Il est fait droit à cette demande.
Sur les autres demandes
La société IAS succombant, elle est condamnée aux dépens de la procédure d’appel en application de l’article 699 du code de procédure civile.
Il paraît équitable de condamner la société IAS à payer à M. [G] la somme de 3 000 euros, sur le fondement de l’article 700 du code de procédure civile, pour la procédure d’appel.
PAR CES MOTIFS
Confirme le jugement, sauf en ce qu’il a condamné la société International airports services à payer à M. [G] la somme de 4 875 euros à titre de rappel de rémunération variable au titre de l’année 2018 outre la somme de 487,50 euros au titre des congés payés afférents, et a débouté M. [G] de ses demandes de dommages-intérêts pour manquement de l’employeur à son obligation d’exécuter de bonne foi le contrat de travail et de dommages-intérêts pour irrégularité de la procédure de licenciement.

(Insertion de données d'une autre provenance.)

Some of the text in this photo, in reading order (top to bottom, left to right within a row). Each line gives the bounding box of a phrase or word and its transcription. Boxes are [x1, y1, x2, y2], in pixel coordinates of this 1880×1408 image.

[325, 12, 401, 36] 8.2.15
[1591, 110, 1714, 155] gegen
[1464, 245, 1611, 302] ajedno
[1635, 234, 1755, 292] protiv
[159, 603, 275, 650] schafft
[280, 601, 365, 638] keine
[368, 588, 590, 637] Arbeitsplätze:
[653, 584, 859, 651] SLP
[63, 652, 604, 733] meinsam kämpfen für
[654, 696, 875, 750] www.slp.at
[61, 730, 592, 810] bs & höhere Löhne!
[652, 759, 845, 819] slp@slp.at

Statuant à nouveau sur les chefs infirmés, dans les limites de l’appel, et y ajoutant,
Condamne la société International airports services à payer à M. [G] les sommes de:
— 9 357 euros à titre de rappel de rémunération variable au titre de l’année 2018;
— 935,70 euros au titre des congés payés afférents;
— 3 000 euros à titre de dommages-intérêts pour le manquement de l’employeur à son obligation d’exécuter de bonne foi le contrat de travail;
— 1 000 euros à titre de dommages-intérêts pour irrégularité de la procédure de licenciement.
Dit que les intérêts au taux légal courent à compter de la réception par l’employeur de la convocation à comparaître devant le bureau de conciliation du conseil de prud’hommes pour les créances salariales échues à cette date et à compter de leur exigibilité pour les créances salariales dues postérieurement.
Dit que les intérêts au taux légal courent à compter de la présente décision pour les dommages-intérêts alloués.
Ordonne à la société International airports services de remettre à M. [G] un bulletin de paie pour solde de tout compte et une attestation Pôle Emploi conformes à la décision à intervenir.
Condamne la société International airports services à payer à M. [G] la somme de 3 000 euros sur le fondement de l’article 700 du code de procédure civile.
Condamne la société International airports services aux dépens de la procédure d’appel.